An Irish language and literature minor, Bracke wrote the entire script in Ireland’s native language and plans to cast Irish-speaking actors. The use of Irish, which many consider a dying language, fits the film’s theme of cultural loss, she says.
“It intrigues me what happens to a culture when part of it disappears — a song, a dance, an eating habit — whether something replaces it or whether there will always be that void, forever.”
Thanks to undergraduate research opportunities through the University’s Nanovic Institute for European Studies and Center for Undergraduate Scholarly Engagement (CUSE), Bracke had the opportunity to travel to Ireland several times in the last few years — and became captivated by the country and its vibrant culture.
“Notre Dame really provided me with the resources I needed to pursue what I love,” she says. “Undergraduate research at Notre Dame is absolutely amazing. There’s no other school that does it as well.”
Now, with funding from the Princess Grace Award, Bracke can delve deeper into the culture of Ireland and bring her perspectives to the rest of the world.
“I love cinematography because I communicate better visually than in words,” she says. “The goal of filmmaking is to let your audience into your view, so it’s really exhilarating to get behind the camera on this project and do that.”

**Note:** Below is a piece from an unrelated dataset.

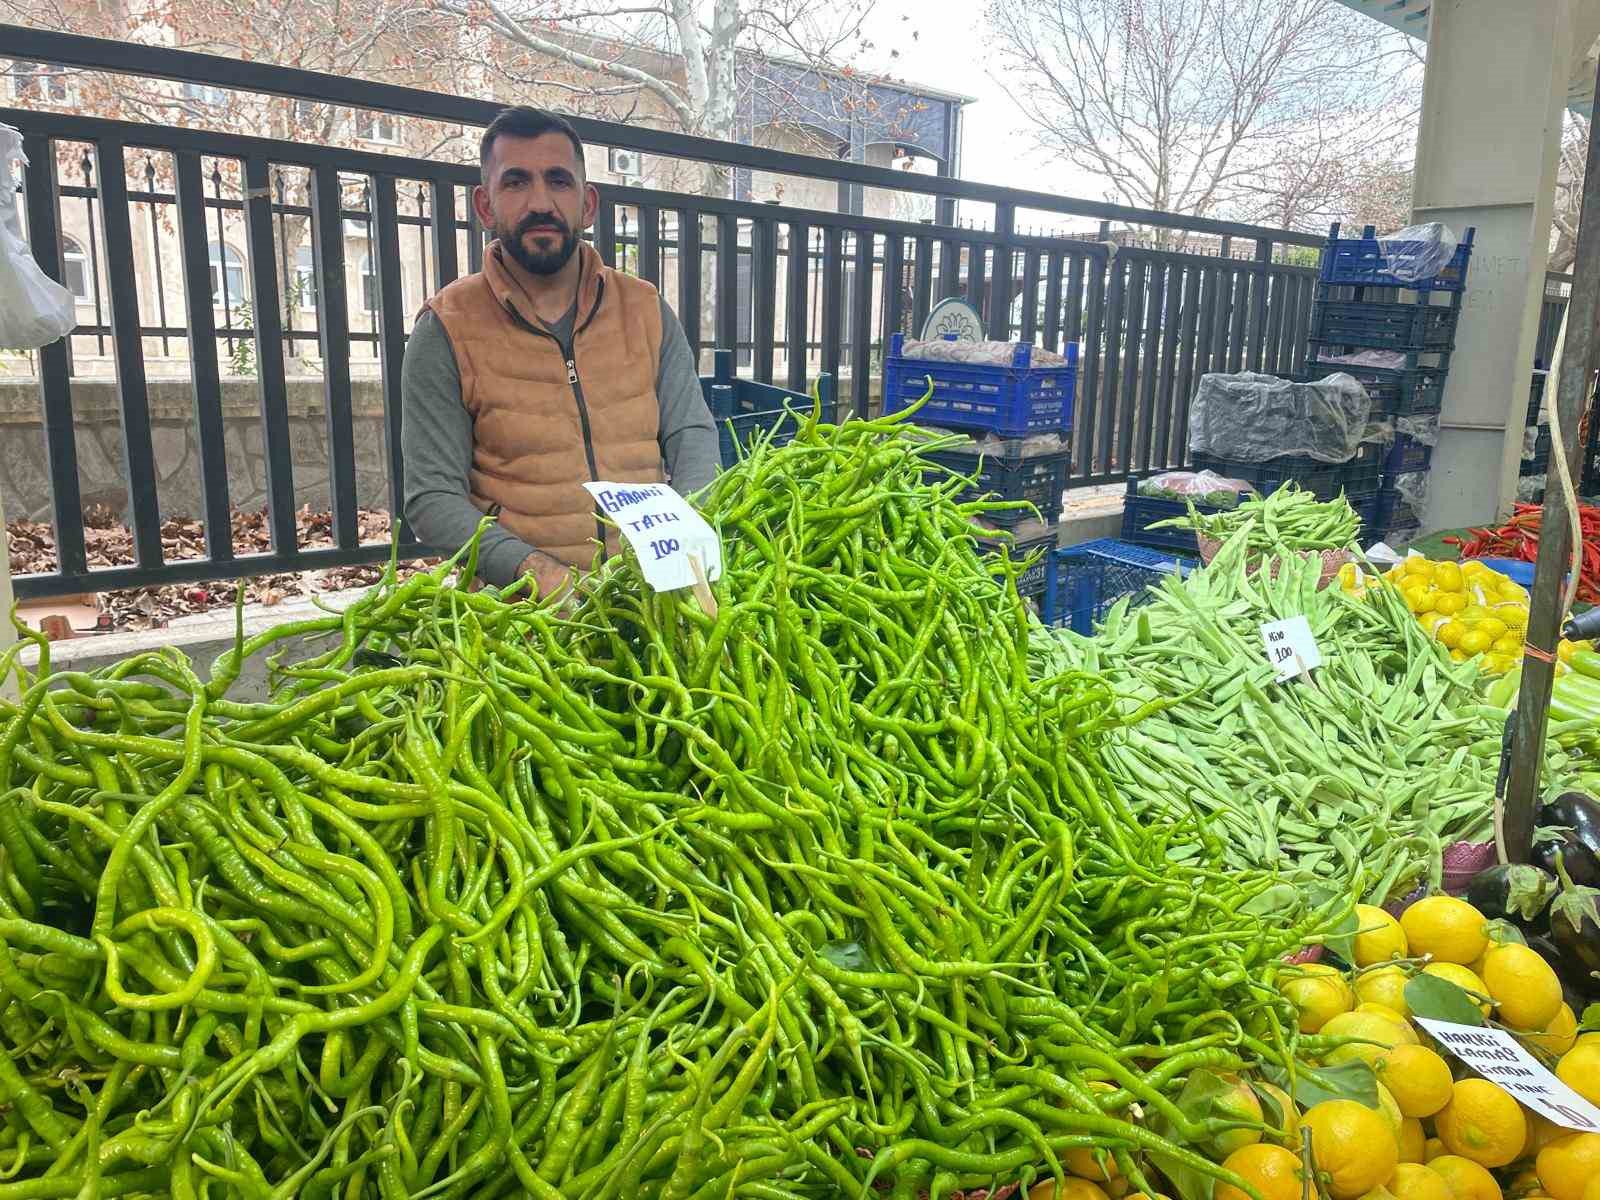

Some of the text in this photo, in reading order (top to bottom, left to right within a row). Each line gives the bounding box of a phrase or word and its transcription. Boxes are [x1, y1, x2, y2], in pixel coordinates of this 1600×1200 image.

[629, 512, 680, 532] TATLI
[650, 538, 680, 560] 100
[1275, 646, 1293, 663] 100
[1498, 1081, 1553, 1096] TANE

Bracke’s senior thesis film will culminate four years of study and exploration in a diverse array of interests across Notre Dame’s College of Arts and Letters. Faculty in the Department of Irish Language and Literature sparked her interest in the idea of culture loss and have helped her ensure the linguistic integrity of the script, while mentors in FTT helped her develop as a filmmaker.
“The FTT program gives you opportunities that you wouldn’t expect and you wouldn’t get anywhere else because it has such a small ratio of teacher to students,” she says. “It’s all about experience, and the film program at Notre Dame really gives you that.”

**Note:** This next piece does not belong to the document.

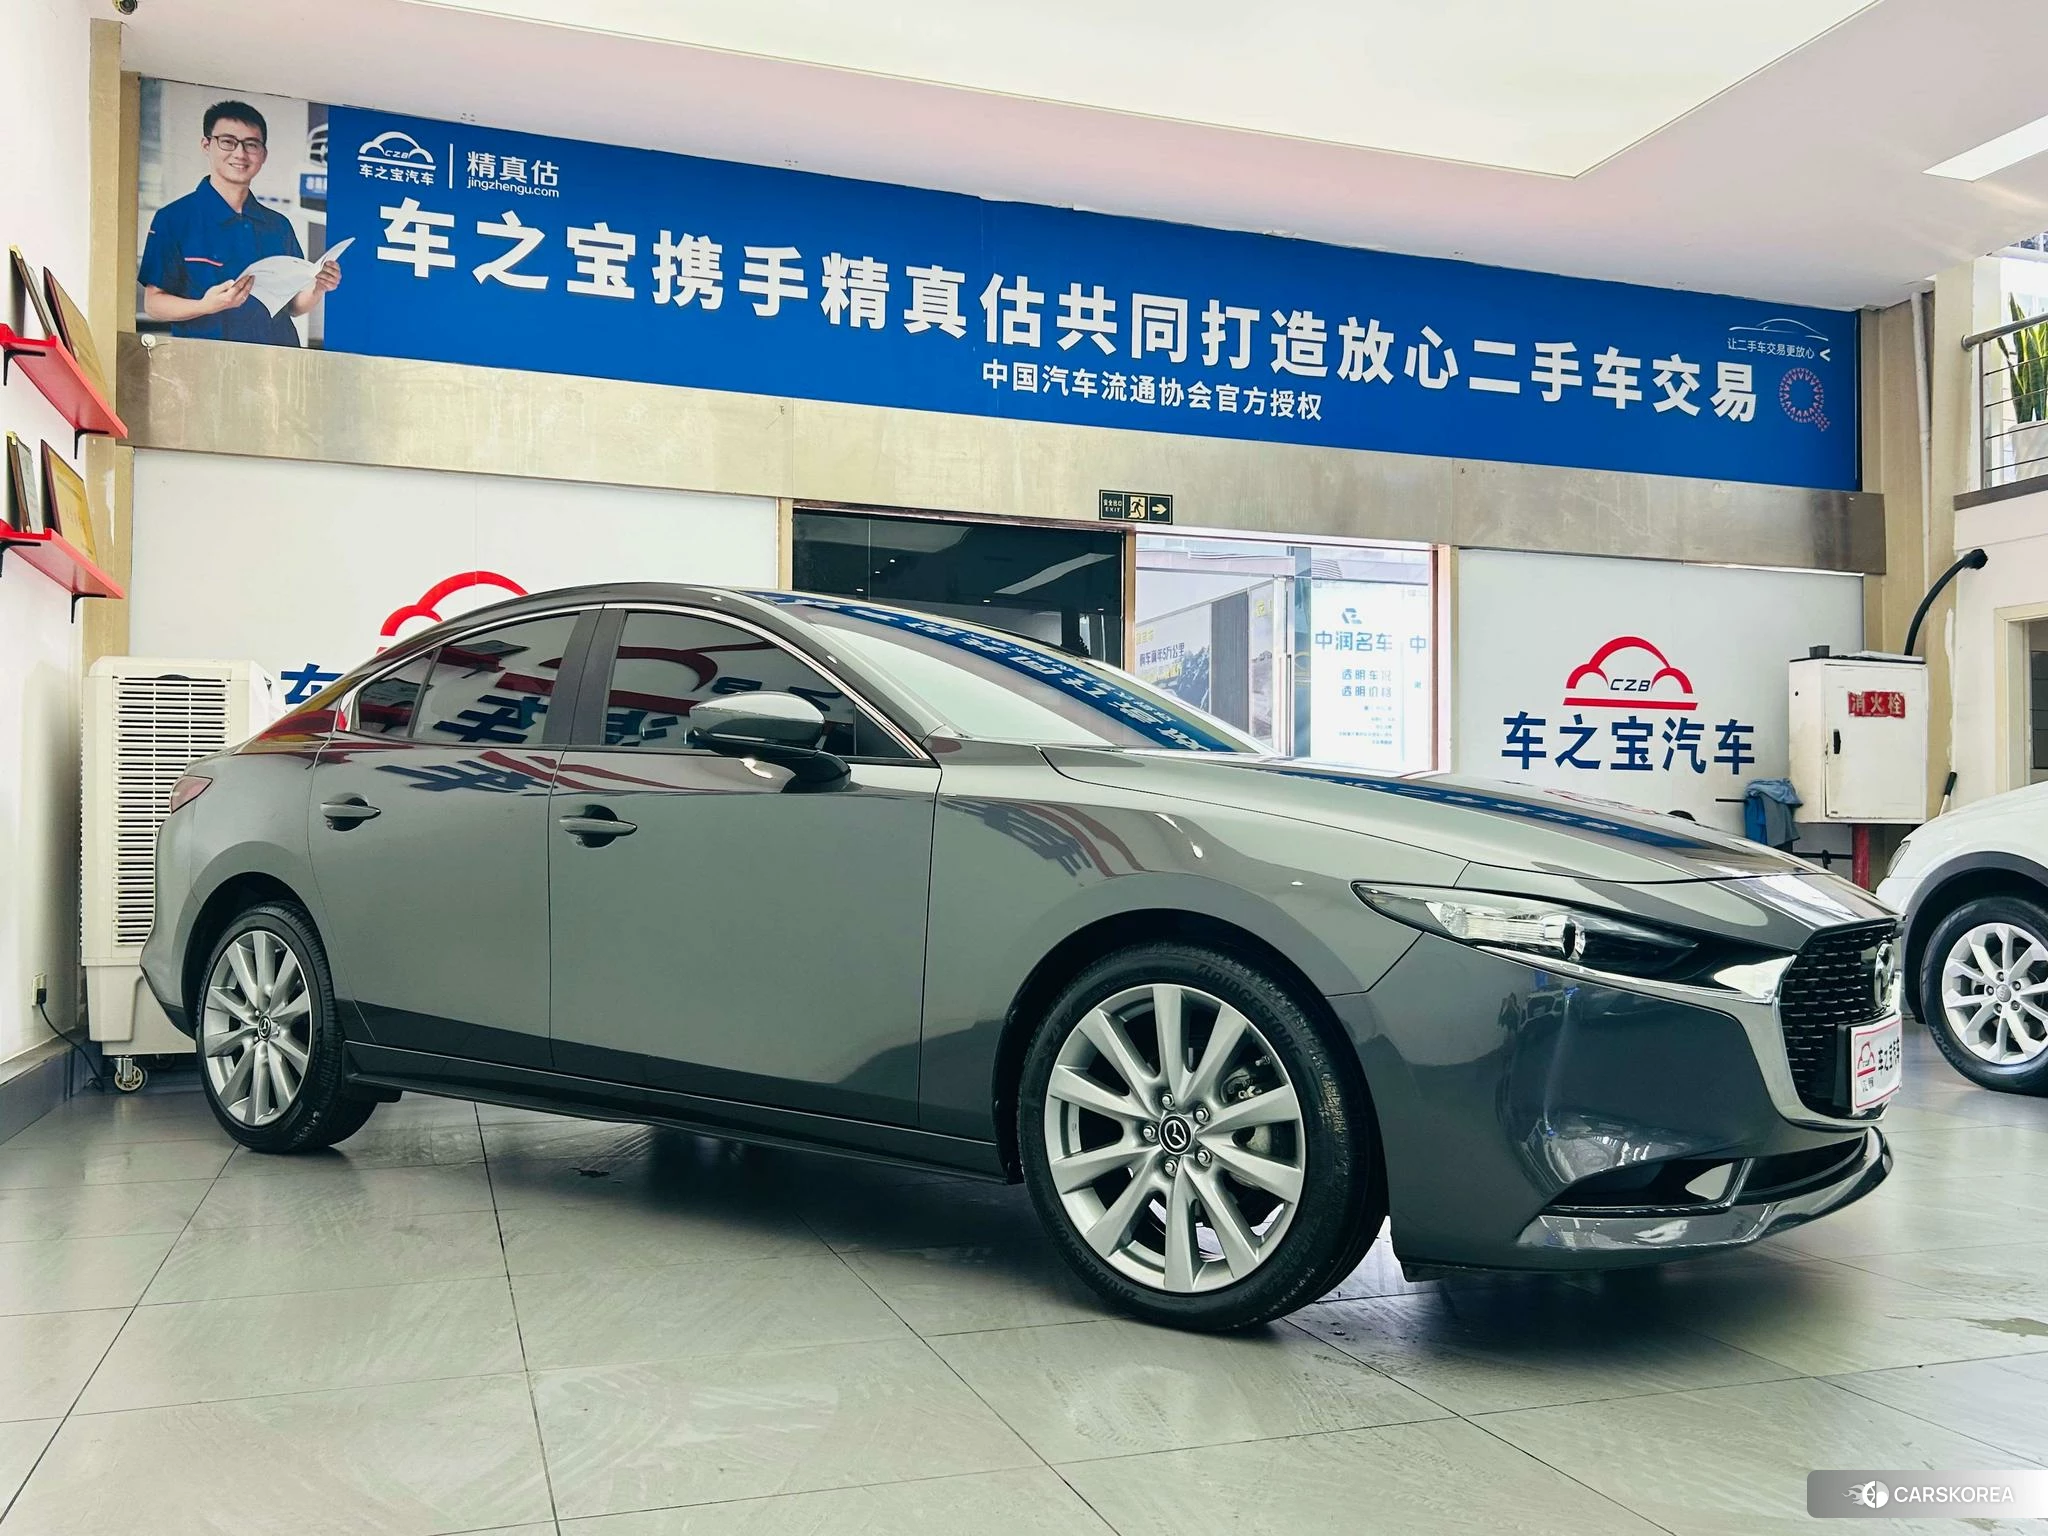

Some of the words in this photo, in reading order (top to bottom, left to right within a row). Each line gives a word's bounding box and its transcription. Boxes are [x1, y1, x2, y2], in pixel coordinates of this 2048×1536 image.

Bracke’s is a success story that the entire College of Arts and Letters can take pride in, Collins says. “I’d love to be able to say that FTT is solely responsible for making Kathleen into a brilliant young filmmaker who is worthy of this recognition, but the credit has to be shared,” he says. “It’s proof that the increasing emphasis placed on interdisciplinary, international study and undergraduate research are all beginning to bear fruit.
“I think Kathleen has enormous potential,” he adds, “because she combines a very refined visual sense with a fierce determination to see her projects realized. She brings so much to the table in terms of her cinematic, ethnographic and linguistic skills. She’s going to be powerhouse to be reckoned with, no matter what she decides to do in her career.”
The award is a vote of confidence in Bracke’s ability and potential as a filmmaker, and a milestone for FTT as well. She is the department’s second Princess Grace Award recipient in three years. Javi Zubizarreta, Class of 2011, won in 2010 for his senior thesis film on Basque shepherds in Idaho.
“It’s obviously very significant for another FTT major to win a Princess Grace Award in such a short time span,” Collins says. “Our goal is to produce smart, sophisticated filmmakers who have the skills — and the courage — to embark on ambitious projects that will make an impact. These awards are irrefutable evidence that our work is being recognized by a very prestigious institution.”
The PGF-USA, a public charity, was formed after the death of Princess Grace in 1982. Its awards for theater, dance and choreography, and film continue the legacy of Princess Grace (Kelly) of Monaco, who helped emerging artists pursue their artistic goals during her lifetime.
Bracke and the other 2012 honorees in theater, dance and film will be honored in New York City in October at the annual black-tie Princess Grace Awards Gala, held in the presence of the current prince and princess of Monaco.